Hydrogen Sulfide Inhibits Flowering but Hastens New Leaf Growth in Bok Choy (Chinese Cabbage)
(1) Sir Winston Churchill Collegiate and Vocational Institute, Thunder Bay, Canada, (2) Cardiovascular and Metabolic Research Unit, Lakehead University, Thunder Bay, Canada
Hydrogen sulfide (H2S) is a colorless, toxic, and flammable gas with the smell of rotten eggs. High concentrations of H2S are toxic, but a very small amount of H2S can help plants and our bodies in many ways. The unexpected flowering (bolting) of leafy greens inhibits leaf growth and reduces the leaf quality, and the effect of H2S on plant bolting is still unknown.
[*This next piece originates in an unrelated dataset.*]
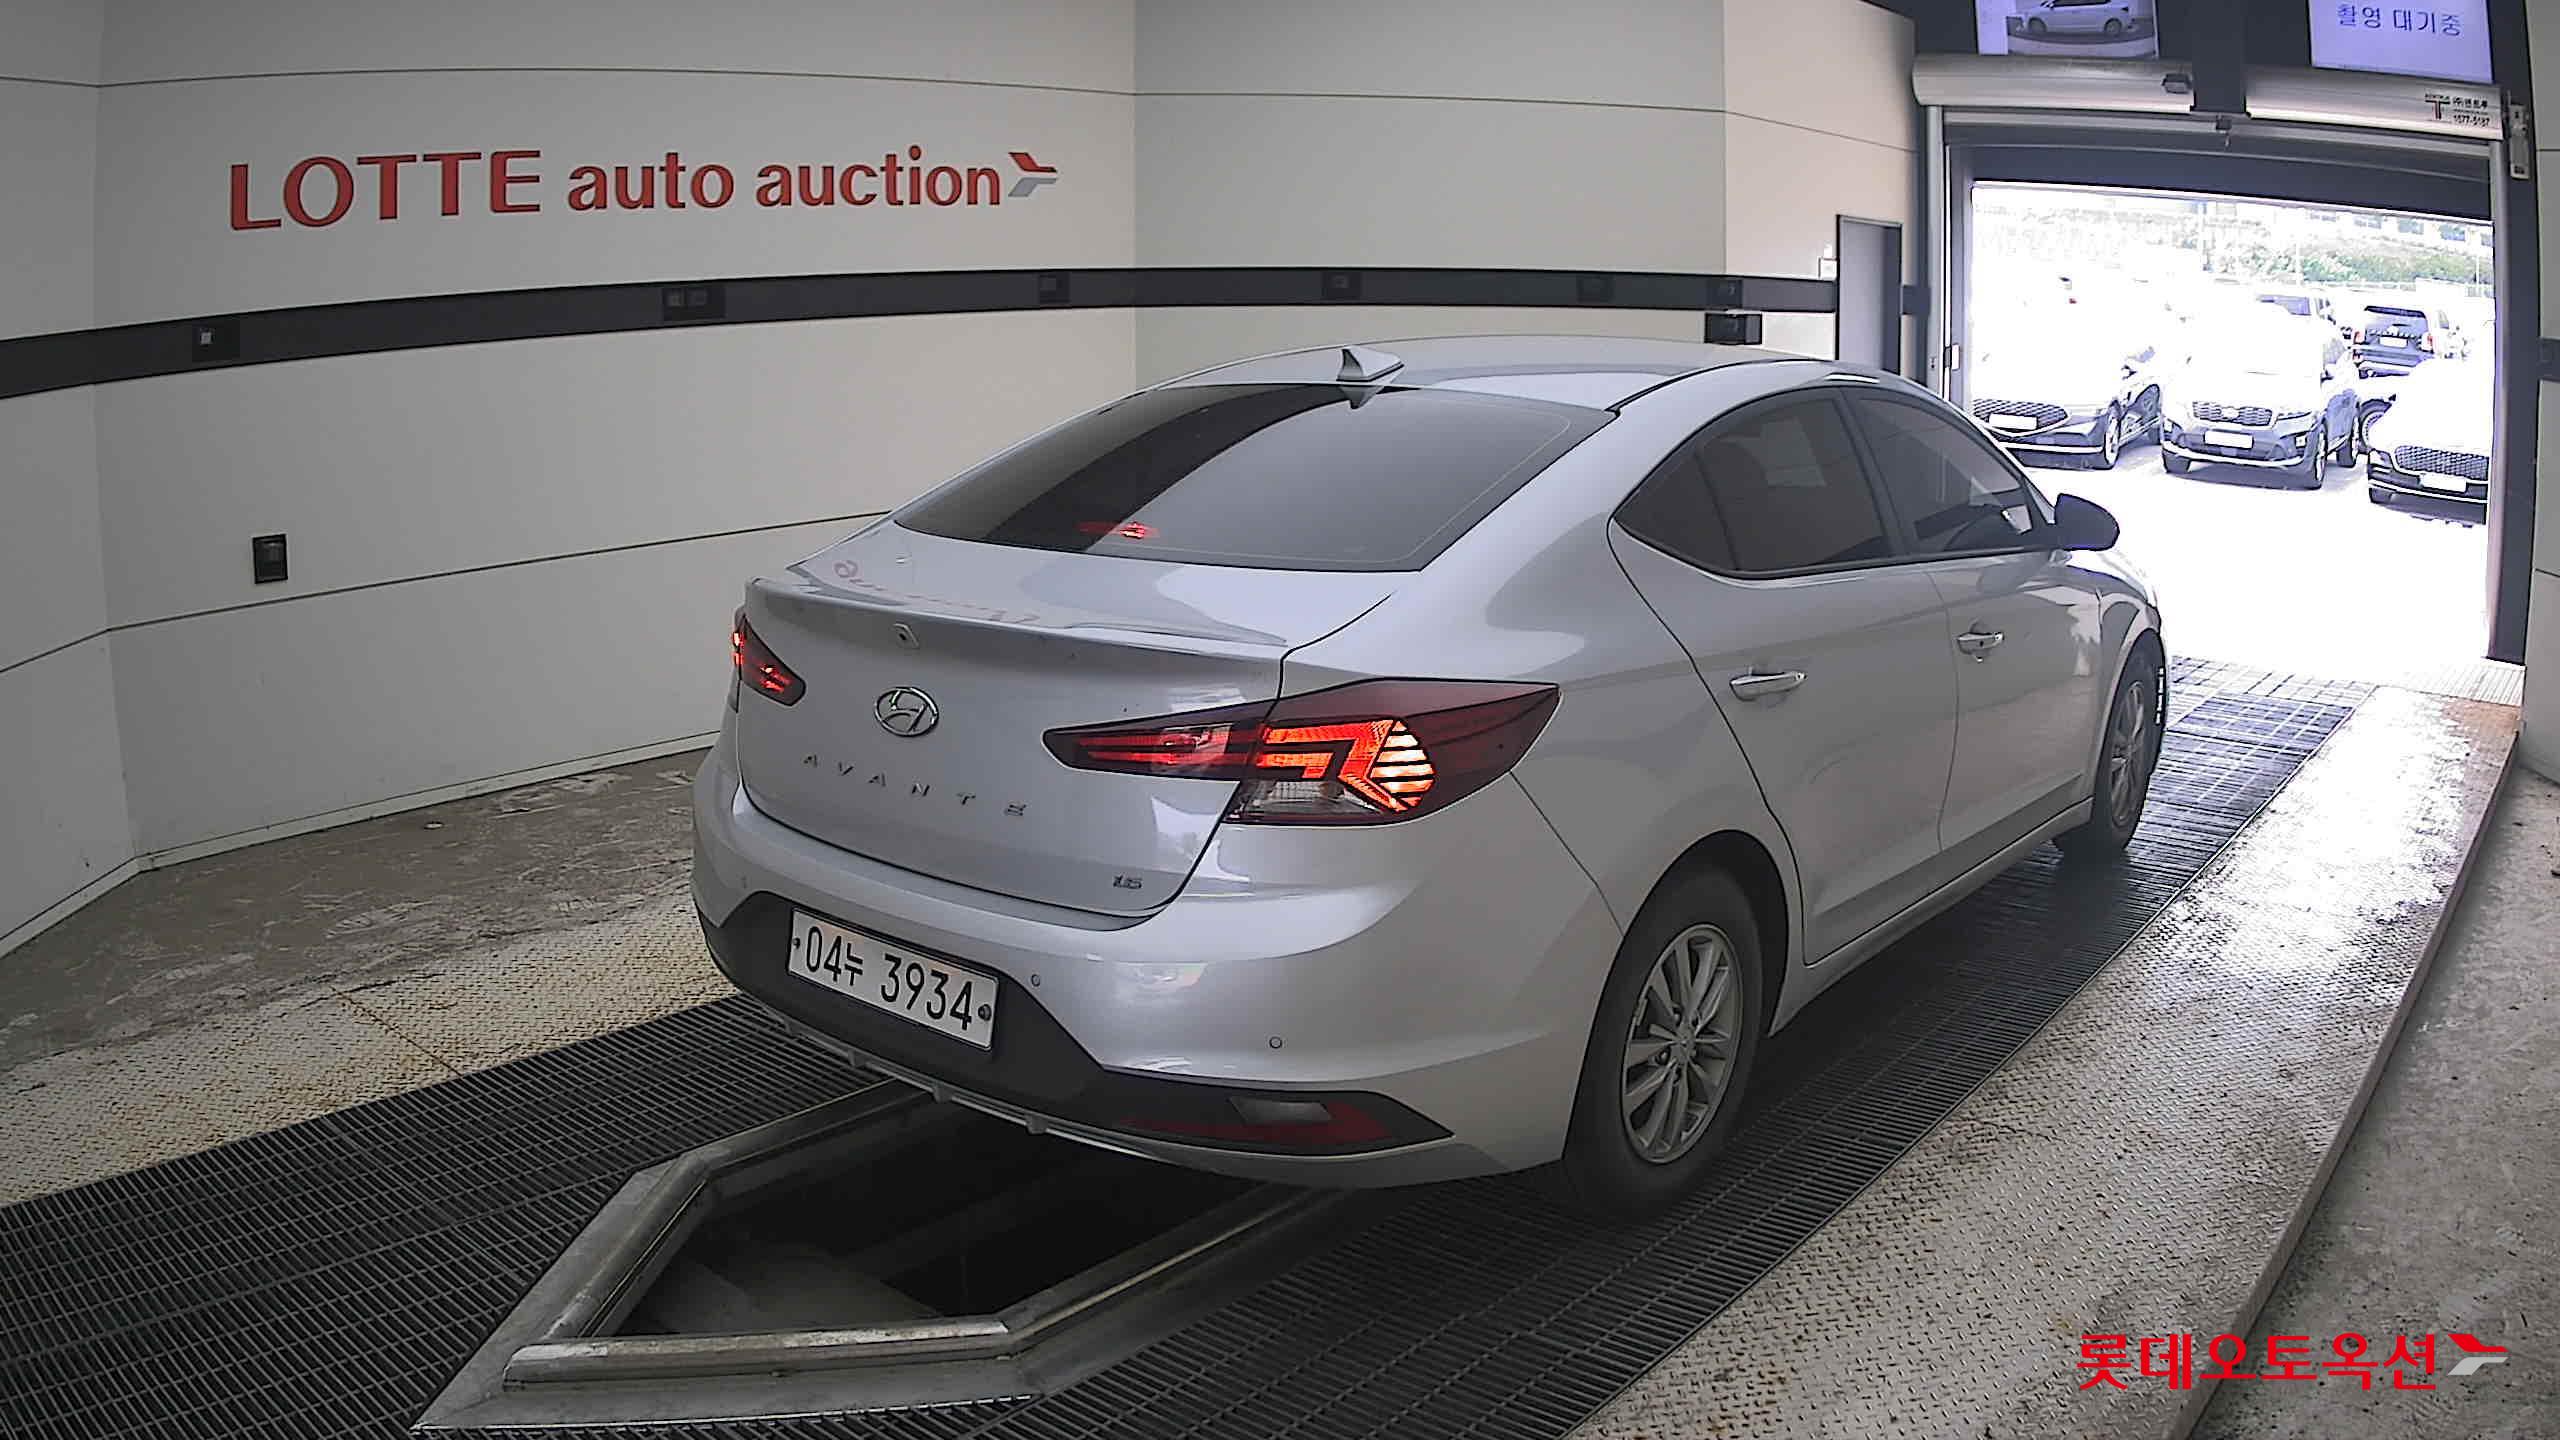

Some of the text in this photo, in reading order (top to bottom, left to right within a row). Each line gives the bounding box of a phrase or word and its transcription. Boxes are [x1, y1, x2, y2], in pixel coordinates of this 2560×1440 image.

Here we investigated the effects of H2S on flowering and leaf growth by using the hearts of bok choy (Brassica rapa subsp. Chinensis), a type of Chinese cabbage. Incubation of bok choy hearts for 16 days in a solution of sodium hydrosulfide (NaHS), a H2S donor, significantly repressed bok choy flowering and shortened flower stems. In contrast, the flowering of bok choy in the tap water and sodium chloride (NaCl) groups was normal, with longer flower stems and many flowers. NaHS had no effect on the growth of leaf stems or on leaf chlorophyll contents. In addition, NaHS significantly reduced pollen viability but induced the growth of new leaves from the bottom part of bok choy hearts, in comparison with the two control groups, tap water and NaCl. These observations indicate that H2S inhibits flowering but hastens new leaf growth in bok choy. Not only can this discovery help grow green vegetables, but it can also potentially help control weeds.